Glaucoma is a group of eye diseases that cause optic nerve damage and is characterized by irreversible loss of peripheral vision and in advanced cases, loss of central vision as well.
There are various types of glaucoma, the most common one being open-angle glaucoma. Other types of glaucoma include acute and chronic angle-closure glaucoma, pseudoexfoliation glaucoma, pigment dispersion glaucoma, normal tension glaucoma and congenital glaucoma.
In most cases, glaucoma is associated with elevated intraocular pressure, which is considered the cause of the damage to the optic nerve.
In normal tension glaucoma, intraocular pressure is within the normal range, however, the optic nerve can still get damaged.
In some cases, the intraocular pressure can be high without causing damage to the optic nerve. This condition is called ocular hypertension and under certain conditions and monitoring, may not require treatment, while in some cases similar treatment to that of glaucoma is required.
Glaucoma causes a rather subtle and progressive loss of vision, which is not perceived by the patient, as there are no symptoms. The optic nerve damage caused by glaucoma is irreversible.
Acute angle-closure glaucoma causes a sudden increase in intraocular pressure that is accompanied by symptoms such as severe ocular pain, eye redness, impaired vision, malaise and vomiting.
All people over 40 and especially those with a family history of glaucoma need to be checked at least once a year.
Diagnosis is made through a combination of clinical examination and specialized tests.
The clinical examination includes the following: visual acuity check, measurement of the intraocular pressure, gonioscopy, corneal pachymetry, examination of the anterior segment and fundoscopy.
The complete examination requires visual fields checking for the detection of functional damages and the digital imaging of the optic nerves (OCT of the optic disc and retinal nerve fiber layers) that are used to monitor and check the progression of the disease.
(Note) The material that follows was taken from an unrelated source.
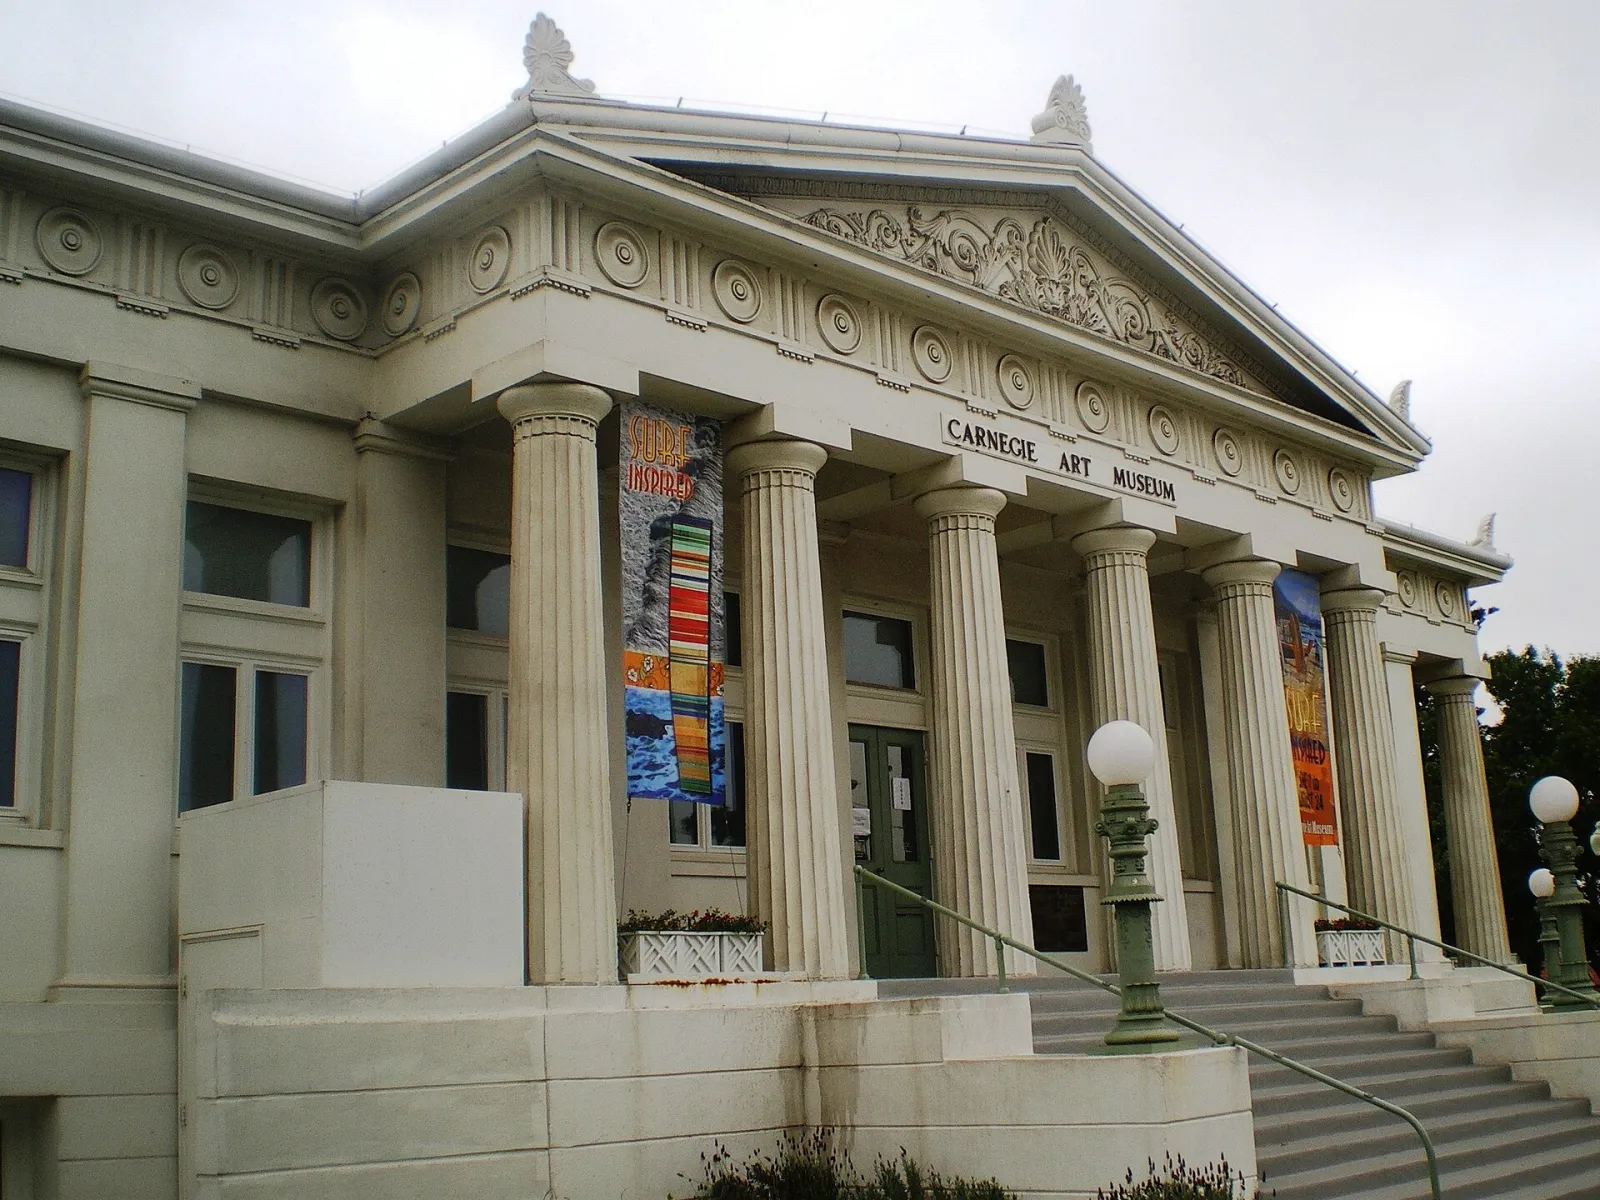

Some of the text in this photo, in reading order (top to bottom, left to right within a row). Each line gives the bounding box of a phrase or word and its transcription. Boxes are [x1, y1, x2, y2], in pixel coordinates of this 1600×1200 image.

[628, 414, 692, 468] SURF
[947, 418, 1176, 502] CARNEGIE ART MUSEUM
[627, 463, 694, 501] INSPIRED
EYE DAY CLINIC is fully equipped for the thorough examination of the patient and for carrying out of all the required examinations.
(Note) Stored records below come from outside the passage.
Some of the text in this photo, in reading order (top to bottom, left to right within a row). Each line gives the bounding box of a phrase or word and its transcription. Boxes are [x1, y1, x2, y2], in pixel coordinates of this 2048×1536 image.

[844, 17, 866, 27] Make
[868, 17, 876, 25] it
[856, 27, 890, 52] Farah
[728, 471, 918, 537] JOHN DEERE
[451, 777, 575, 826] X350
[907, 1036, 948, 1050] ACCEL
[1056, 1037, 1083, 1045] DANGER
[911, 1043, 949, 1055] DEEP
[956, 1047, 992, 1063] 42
The treatment of glaucoma aims to prevent further deterioration of vision and to halt any further optic nerve damage.
In most cases, if a person is diagnosed early, a pharmaceutical treatment using eye drops is sufficient to control the disease. The treatment will usually need to be taken for life. There are various categories of medications available and in many cases a combination of medications is required for the disease to be fully controlled.
In some cases, the use of a special laser treatment may be required for certain types of glaucoma. Laser surgery may suffice for the treatment of the disease, or it may need to be combined with eye drops. In some cases, the action of the laser surgery may be reduced over time and the laser surgery may need to be repeated.
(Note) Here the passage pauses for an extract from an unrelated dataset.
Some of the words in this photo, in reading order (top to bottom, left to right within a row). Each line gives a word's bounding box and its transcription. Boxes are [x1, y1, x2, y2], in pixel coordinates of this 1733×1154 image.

In cases where medications are not effective, surgical treatment may be required.
There is a series of available procedures for the treatment of glaucoma. The most common ones include trabeculectomy and insertion of aqueous shunts. In certain cases, it is possible to use minimally invasive techniques with the use of special implants.
The EYE DAY CLINIC team has great experience in the surgical treatment of glaucoma and can recommend the appropriate type of surgery for each case.